I Can Feel That Knee On My Neck, Too

Now THAT'S Symbolism.
I received an early morning call today from a dear friend in Metro Detroit. She was consumed in tears.

“How are you?” she asked urgently. “How are you feeling?”

During her morning walk while her mind was free to wander, she flashed back to an incident some years ago that I had all but forgotten. She had invited me to join her and her husband one Sunday morning for brunch and asked me to pick up a few bagels on my way to their home. Maybe some lox, too.

At the time I could have used some friendly company. I was recently divorced and so wiped out financially that I was driving an old raggedy Ford Taurus I borrowed from another friend. (Friends are great, BTW.) I bought the bagels and headed for their house in the affluent community of West Bloomfield.

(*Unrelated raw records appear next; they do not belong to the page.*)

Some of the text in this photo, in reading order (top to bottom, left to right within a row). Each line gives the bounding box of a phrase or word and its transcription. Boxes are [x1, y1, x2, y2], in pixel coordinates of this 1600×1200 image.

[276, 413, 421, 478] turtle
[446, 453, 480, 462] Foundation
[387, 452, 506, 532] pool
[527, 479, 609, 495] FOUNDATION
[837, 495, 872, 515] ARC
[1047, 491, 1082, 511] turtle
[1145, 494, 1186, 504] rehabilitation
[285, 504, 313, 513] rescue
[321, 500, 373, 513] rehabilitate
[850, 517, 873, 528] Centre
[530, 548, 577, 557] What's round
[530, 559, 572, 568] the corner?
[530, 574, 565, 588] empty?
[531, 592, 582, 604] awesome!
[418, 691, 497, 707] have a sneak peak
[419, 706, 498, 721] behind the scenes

Driving slowly while searching for their house number, I was suddenly accompanied by flashing red-and-blue lights behind me. Profiled. DWB.

The officer informed me that my license plate tag had expired — hey, wasn’t my car — and he could not allow me to drive the vehicle. It would have to be impounded. That put me in the unbelievably embarrassing position of having to call my friend to explain my situation. She and her husband came out to find me, we all watched as my car was towed away and, after a very animated and melancholy meal, they drove me home.

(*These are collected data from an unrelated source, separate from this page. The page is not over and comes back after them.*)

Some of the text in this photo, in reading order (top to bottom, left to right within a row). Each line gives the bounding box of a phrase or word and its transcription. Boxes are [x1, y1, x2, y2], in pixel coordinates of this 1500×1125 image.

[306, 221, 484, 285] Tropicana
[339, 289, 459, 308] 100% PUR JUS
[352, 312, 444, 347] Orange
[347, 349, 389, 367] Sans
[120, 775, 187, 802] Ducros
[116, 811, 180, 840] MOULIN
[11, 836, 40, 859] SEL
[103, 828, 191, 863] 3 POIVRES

Today my friend was overcome by the memory, by the "what if." As humiliating as that experience was, she knows now — and I knew then — it could have been far, far worse.

The unforgivable Memorial Day murder of George Floyd by Minneapolis police officers has galvanized, inspired and inflamed our nation like no time since perhaps the civil rights movement of the 1960s. It is triggering individual flashbacks. And the other morning while rinsing the soap out of my silver goatee in the shower, where apparently I do my best thinking, it suddenly hit me: there is a clear connection between all the cataclysmic events of 2020, from the spread of COVID-19 to the worldwide protests and shameful property destruction in the aftermath of Floyd’s death. 

It actually made my brain hurt a little bit when the revelation hit me. I’ll share my theory with you in a minute. 

First, though, I have to acknowledge that my West Bloomfield caller was not the first Caucasian contact I’ve received on this issue in the past 10 days. It’s no shock, really: in the little West Michigan village where I grew up, I was the only black student in the entire school system. I lived among them. I learned their ways. Sometimes I felt like Jane Goodall should study me. Thus, in confusing and chaotic times like these, some white friends instinctively reach out to me for answers or perspective.

Now, I've read numerous columnists over the years (Thaddeus Howze and the great Leonard Pitts come to mind) who say they're sick and tired of trying to explain to white people what it's like to be Black in America. I couldn't disagree more. 

Growing up where I did, I am certain that for hundreds of people I may be the only Black person they know –– or at least, the only one they feel they know well enough to ask serious, direct questions about race. Just like my journey through kidney disease and a successful transplant has made me "Kid Kidney" for many with renal concerns, so have I become the official African American Advocate to many Caucasian acquaintances. It is not a responsibility I sought out, but it's one I would be a fool to renounce.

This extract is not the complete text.